APC participates in first HSRC Racism Dialogue

15 Aug 2016
15 Aug 2016

The HSRC held its first dialogue on racism at the Leriba Hotel in Centurion on 11 May 2016. The series of dialogues is intended to address racial inequalities and racism in South Africa: history, mechanisms and ideas for change.

The panel debate (with media panellists Justice Malala, Khadija Patel, Piet Rampedi and Angelo Fick) was led by journalist Siki Mgabadeli. Panelists observed that South Africa has racially not changed much over the last 22 years – the deeply entrenched apartheid legacies were deeply structural and systemic. Fick asserted that racism was not unlearnt on 27 April 1994 and that we have arrived at this crisis because (in some part) the 1950 Population Registration Act was reinforced in post-apartheid South Africa. 

Justice Malala pointed out the irony that though much of the media was black owned (For instance, Independent Newspapers is owned by Iqbal Surve; the whole of the SABC Board is black; eNCA is owned more than 30% by a trade union), there is still the need to question the role media plays in keeping racism in place, such as putting dead black people in newspapers, but not dead white bodies.

Rampedi spoke on ‘whiteness’ in mainstream media such as that shack fires do not matter, but mountain fires in white residential areas do.  A hot issue of debate amongst the panellists was on the question of whether black people could themselves also be racist or not since racism is rooted in structural and economic systems; that we need to address the political economy of racism and how it works.

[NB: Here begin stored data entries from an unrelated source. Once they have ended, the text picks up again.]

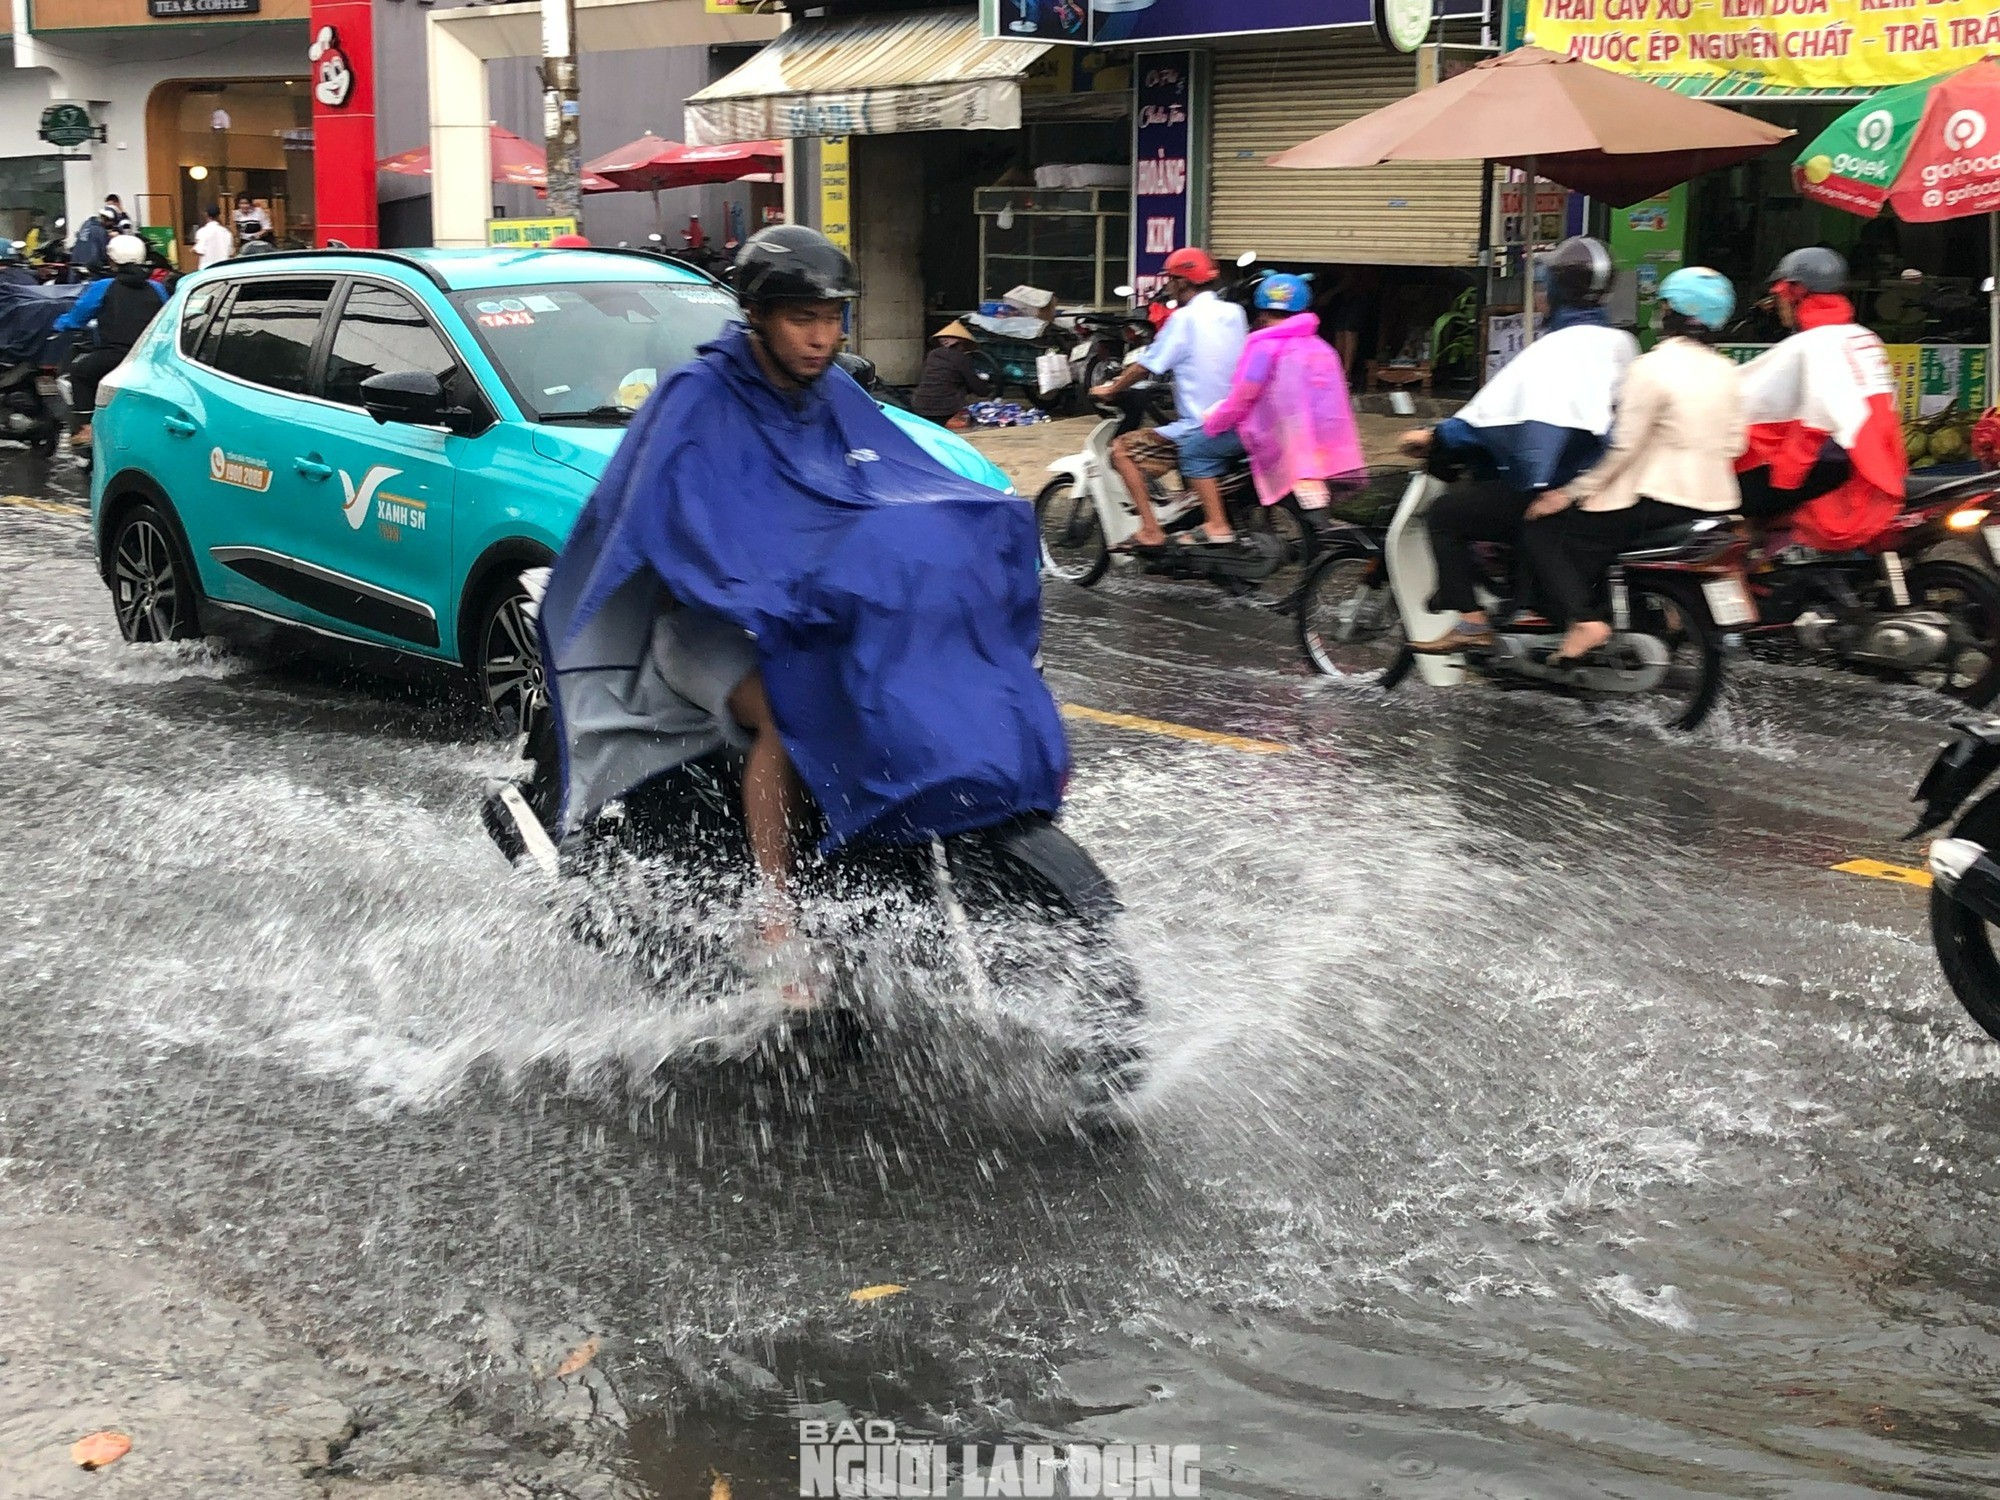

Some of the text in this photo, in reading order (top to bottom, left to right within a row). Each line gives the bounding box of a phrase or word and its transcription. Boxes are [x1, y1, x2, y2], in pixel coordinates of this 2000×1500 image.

[156, 1, 181, 13] TEA
[1568, 30, 1641, 62] NƯỚC
[1648, 29, 1681, 62] ÉP
[1884, 18, 1939, 53] TRÀ
[478, 311, 535, 327] TAXI
[377, 500, 426, 531] XANH SM

Fick pointed out that real decisions are made outside of institutions (such as at off campus socials and within old established racialized power networks). But the structural workings of racism aside, it was the everyday racism (the apartheid idea that you need to put black people ‘in their place’) that was now increasingly haunting South Africa such as in the recent media reports on the utterances of Penny Sparrow and Judge Mabel Jansen. 

A debate ensued on whether racism should be criminalised. A participant questioned the panel on whether such public ‘outing’ of racists was in any way helpful.  Another participant found that the media was ‘reactive’ to individual racism instead of addressing how to reconfigure and restructure the media in terms of power and economic relations of control and narratives.

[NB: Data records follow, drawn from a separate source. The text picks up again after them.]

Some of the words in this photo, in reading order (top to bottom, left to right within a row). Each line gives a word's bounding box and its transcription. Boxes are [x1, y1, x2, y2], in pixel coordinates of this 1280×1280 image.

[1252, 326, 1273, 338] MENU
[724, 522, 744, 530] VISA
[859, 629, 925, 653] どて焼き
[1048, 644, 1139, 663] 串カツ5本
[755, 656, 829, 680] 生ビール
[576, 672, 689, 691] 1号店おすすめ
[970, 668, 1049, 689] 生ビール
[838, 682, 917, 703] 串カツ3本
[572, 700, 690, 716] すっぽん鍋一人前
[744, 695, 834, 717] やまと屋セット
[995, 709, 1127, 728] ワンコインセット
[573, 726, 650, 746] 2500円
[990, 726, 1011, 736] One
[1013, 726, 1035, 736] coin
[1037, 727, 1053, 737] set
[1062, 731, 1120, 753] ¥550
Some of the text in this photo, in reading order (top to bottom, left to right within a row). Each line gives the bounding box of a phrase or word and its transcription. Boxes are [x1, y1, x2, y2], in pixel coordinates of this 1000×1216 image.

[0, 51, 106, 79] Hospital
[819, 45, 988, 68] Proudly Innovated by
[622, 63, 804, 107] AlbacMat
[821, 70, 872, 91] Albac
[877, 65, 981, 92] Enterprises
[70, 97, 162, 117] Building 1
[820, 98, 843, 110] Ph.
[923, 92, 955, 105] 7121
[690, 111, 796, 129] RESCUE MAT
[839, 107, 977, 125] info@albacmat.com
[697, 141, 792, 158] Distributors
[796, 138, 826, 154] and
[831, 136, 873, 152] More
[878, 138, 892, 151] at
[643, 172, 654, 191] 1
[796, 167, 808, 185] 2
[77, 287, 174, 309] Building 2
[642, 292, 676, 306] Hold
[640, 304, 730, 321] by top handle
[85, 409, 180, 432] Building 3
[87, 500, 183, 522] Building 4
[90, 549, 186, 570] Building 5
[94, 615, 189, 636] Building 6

Rampedi highlighted ‘race denialism’ in a racialized economy and that the mainstream media was complicit in fostering ‘denialism’ as the framework of contemporary narratives. Mgabadeli provoked discussion on whether we are lying to ourselves as a society, and whether the media was in fact participating in this ‘denial’. 

Patel pointed to the problematic of ‘the expected narrative’ and that any divergence from that narrative was met with hostility in the public domain. A participant commented that normalising black pain has become a global problem and South Africa was part of global racism where black lives do not matter. We therefore have to address reinforced generational and global racism. 

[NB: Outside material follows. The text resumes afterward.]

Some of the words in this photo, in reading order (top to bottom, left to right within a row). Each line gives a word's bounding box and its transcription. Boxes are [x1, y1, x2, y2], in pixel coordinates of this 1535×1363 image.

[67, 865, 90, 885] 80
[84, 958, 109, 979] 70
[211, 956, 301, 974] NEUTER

A young participant questioned the Constitution of 1996 and whether it was transformative as it was a product of consensus within which the media circulates its narratives.

In his closing remarks, HSRC CEO Professor Crain Soudien posed the question of what it is we know and how we make it meaningful in our lives; that we also needed major dialogues on gender.  How do we teach our children in ways that we live differently? We have to find answers in the past 300 years of colonisation; we have to turn that all around in how and what we teach in schools and universities.

Racism has damaged people around the world; European ‘civilisations’ have been built on woundedness. We need to therefore listen very carefully to the words that we use, and we really need to talk about ‘black pain’. 

Emerging from this first debate is the realisation that as South Africans, we have made assumptions about our relations to the state, expecting that political and economic structures would by default provide the anti-racist interventions necessary for our democracy and that there is little everyday civic responsibility in this charge. What do we do with the spaces created in 1994? What is our respective agency in taking responsibility in everyday anti-racist work?

The series moved to Cape Town on 27 May and to Durban on 14 June and Port Elizabeth on 28 June.